Pix 1: the poacher’s boat – carved out of a single piece of rainforest driftwood, with cross pieces then inserted. The paddle is another single piece of wood.
Ok, now let’s see if I can get all the photos downloaded properly today – and then I shall my blog anzeigen in einem neuen Fenster. Read yesterday’s blog post first, if you haven’t already done so.
[No idea why Blogger has decided to test my German when I post. At least I have learned a new word: Tastaturkürzel It sounds like a root vegetable, but it actually means those keyboard control shortcuts]

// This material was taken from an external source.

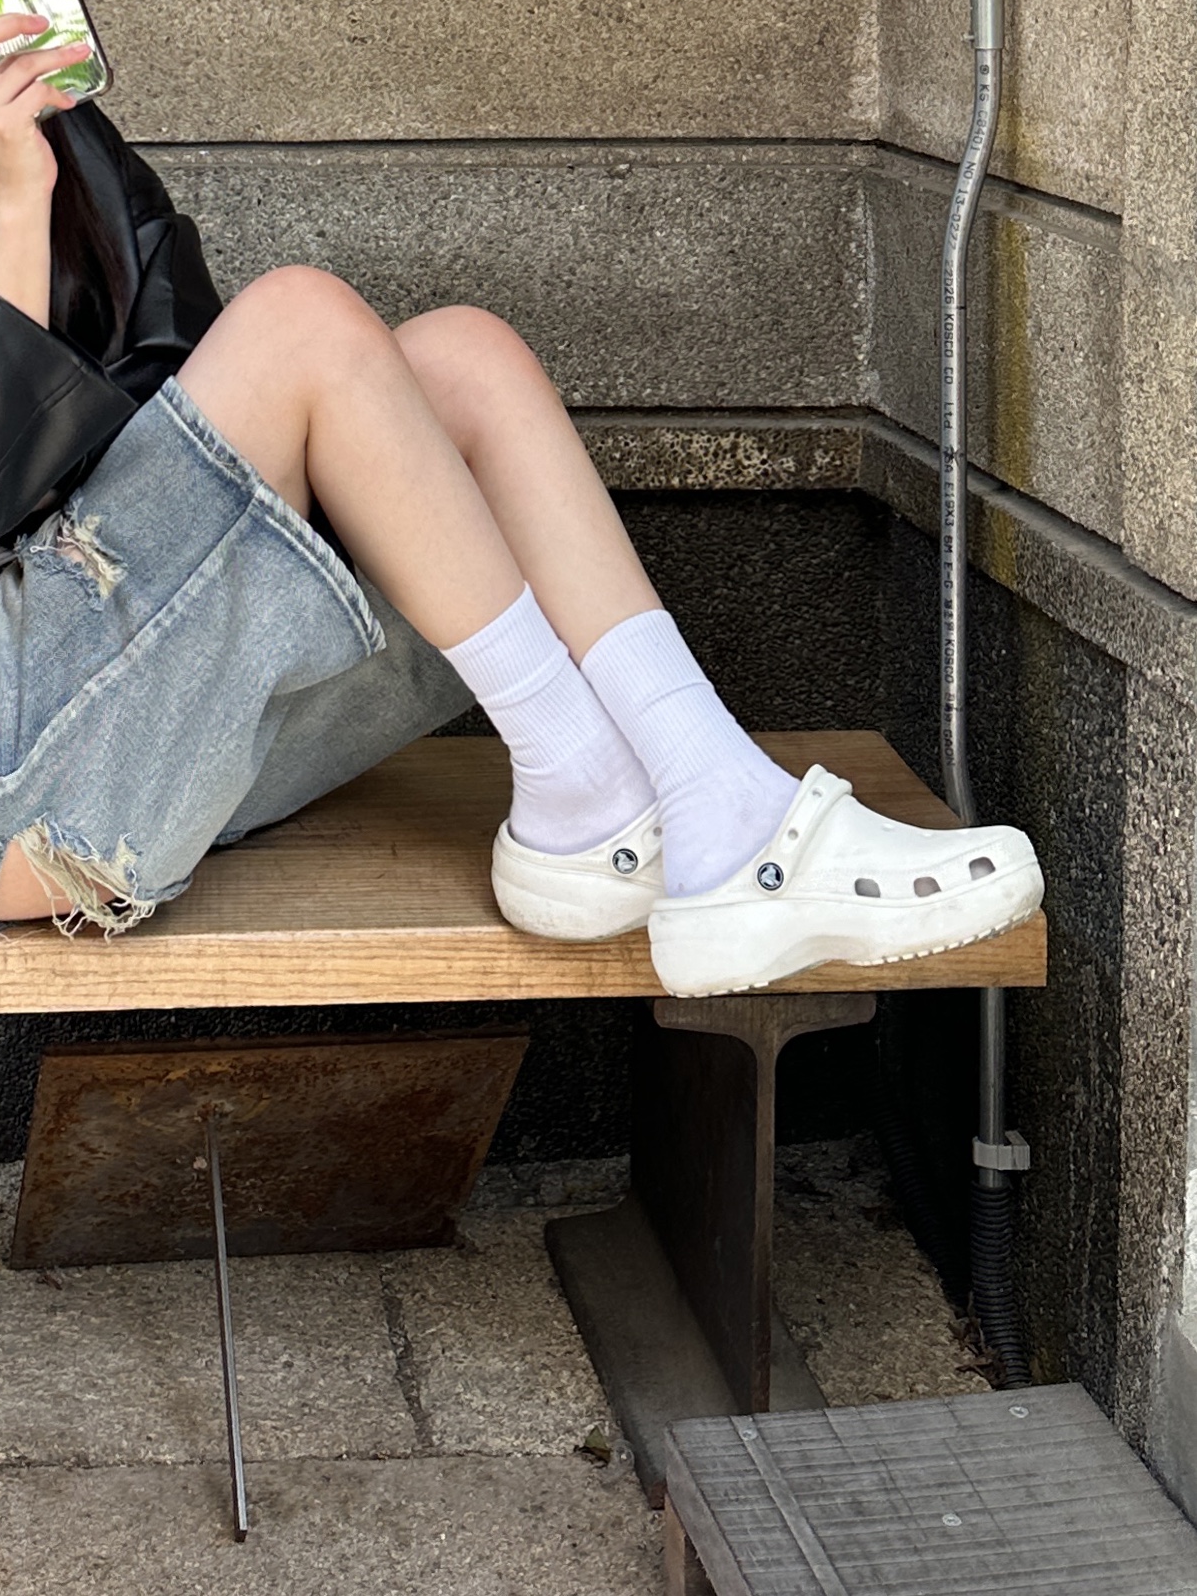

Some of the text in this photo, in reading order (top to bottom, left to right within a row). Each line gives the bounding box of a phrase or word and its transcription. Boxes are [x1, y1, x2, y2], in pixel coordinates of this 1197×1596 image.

[979, 84, 991, 102] KS
[943, 313, 955, 358] KOSCO
[943, 638, 955, 684] KOSCO
[943, 729, 956, 766] GAON

Pix 2: The crew of the outrigger, all brothers. They reckoned the younger ones were 8 and 11, but I think that was a ploy to gain sympathy. The younger one was probably more like 11 or 12. Here their names and details are being recorded by the park staff, while they anxiously observe what is being done to their boat.
Pix 3: a pile of confiscated wooden dugouts.

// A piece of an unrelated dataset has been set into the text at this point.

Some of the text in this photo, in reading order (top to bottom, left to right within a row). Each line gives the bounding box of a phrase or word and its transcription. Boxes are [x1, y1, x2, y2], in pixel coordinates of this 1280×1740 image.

Pix 4: My husband with part of the catch: octopus.
Pix 5: the fish they catch then use as bait for the larger ones – Moon Wrasse.
And they do catch big, expensive fish too.

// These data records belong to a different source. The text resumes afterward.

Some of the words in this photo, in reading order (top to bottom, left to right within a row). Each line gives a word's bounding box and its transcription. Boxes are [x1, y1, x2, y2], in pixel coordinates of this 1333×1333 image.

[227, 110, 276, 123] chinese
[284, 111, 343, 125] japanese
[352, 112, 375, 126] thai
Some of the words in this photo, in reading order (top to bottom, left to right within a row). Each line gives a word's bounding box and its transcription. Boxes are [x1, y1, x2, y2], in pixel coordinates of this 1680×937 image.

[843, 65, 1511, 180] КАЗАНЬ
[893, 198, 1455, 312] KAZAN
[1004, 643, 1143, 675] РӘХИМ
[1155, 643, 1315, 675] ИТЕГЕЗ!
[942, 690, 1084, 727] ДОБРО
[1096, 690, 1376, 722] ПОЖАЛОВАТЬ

Pix 6 shows some more bait: that “jelly fish” has a large hook and nylon line inside. The handsome guy is Dr Hamid, one of the senior staff from the Institute of Tropical Biology and Conservation at University Malaysia Sabah.
So what happened to the poachers? The man had his boat added to the confiscated pile. The boys were made to stand on the boat and be photographed holding some of their catch. The fish that were still alive were released. The others – most of them anyway – were eventually returned to them.
Then all four of them were set to work carrying large gunny sacks, with orders to clean up the flotsam rubbish on the beach.
I think some of their equipment may have been confiscated; not sure about that. After the cleanup, they were released with the outrigger and strict instructions not to return to fish inside the park boundaries. (The outrigger, by the way, has a propeller powered by a pump engine, for use in emergencies.)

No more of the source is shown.